Butch Goes to Stays in Trumpland to Talk to Hillary Voters

Hey, my favorite assortment of feminist bats! It's me, Butch Pornstache, here with some more pearls of wisdom for ya!

Except this time, they aren't coming from my brain, but the brains of a bunch of ladies!

See, since that dipshit Trump is closing in on his first 100 days of ruining the country and probably the whole damn world, a bunch of media outlets are sending reporters to interview Trump voters in places like where I live, to see how they think he's doing.

SPOILER ALERT: They think he's doing great because their thinkers are broken!

And since Liss is too busy writing TL;DR essays about Hillary Clinton and attending to other ladynerd business, she dispatched me to talk to some Clinton voters to get their take (HOT LADY HOT TAKES) on how Trump has been doing, since no one in the real media seems to give a dog fart about their opinions.

So I took my trusty tape recorder, which I keep on hand at all times to record my best thoughts, like "Handlebar BEARD" and "Pickles?" (they're not all winners), and I journeyed out to find some local femifarts to interview.

I found one in my living room.
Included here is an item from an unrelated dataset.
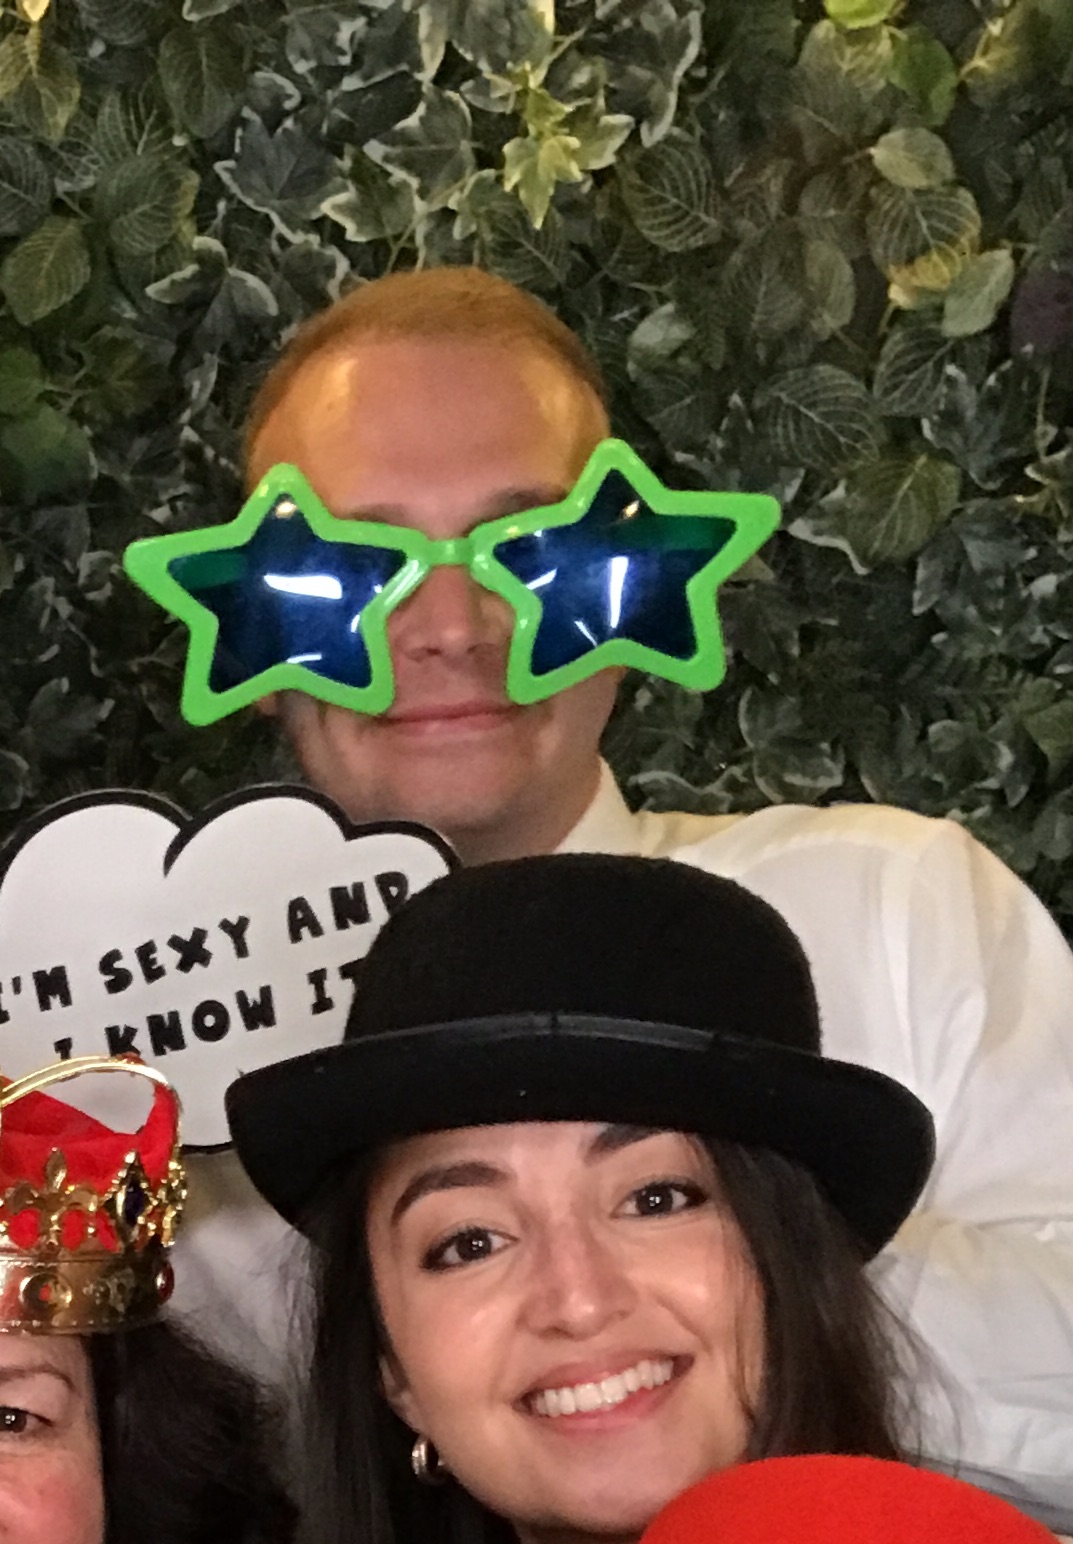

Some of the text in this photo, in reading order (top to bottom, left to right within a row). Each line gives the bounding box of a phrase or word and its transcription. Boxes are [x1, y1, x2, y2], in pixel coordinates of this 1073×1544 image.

[98, 916, 250, 994] SEXY
[288, 871, 408, 943] AND
[104, 985, 276, 1058] KNOW
Once I'd convinced my ex-wife/fiancée Tammy that was I not trying to record her to relaunch my old late-'90s radio show, "Butch's BMX Hour and Tammy Getting on My Nerves," she agreed to an interview.

I asked her the question I asked every confirmed Clinton voter I found: "How do you think that asshole Donald Trump's presidency has gone his first fumblefucked 100 days?"

Tammy Pornstache, 48: "You remember that time you spilled motor oil all over the garage and then for some godforsaken reason thought that peanut butter would soak up the oil, and you just smeared it all around and made an even huger mess, then gave up and fucked off to O'Tooterly's for a beer, and the dog licked it up, because you know how he loves peanut butter, and barfed all over the entire house, and I had to take him to the vet and spend the $3,000 I wanted to use on a vacation to Branson getting his guts fixed, and another $450 getting industrial cleaners to deal with the garage, and I couldn't even send you to your mom's because she was still pissed about your setting fire to her shed with a blowtorch, so I was just stuck with your dumb ass even though I was madder than all hell? Pretty much that."

I found my next subject (JOURNALISM) in the kitchen. My stepmom Cheryl gave the same answer Tammy did, though, and I ain't gonna transcribe that shit twice.

Then I headed over the YWCA, where I interviewed some ladies who were just leaving their Zumba swim class, whatever that is.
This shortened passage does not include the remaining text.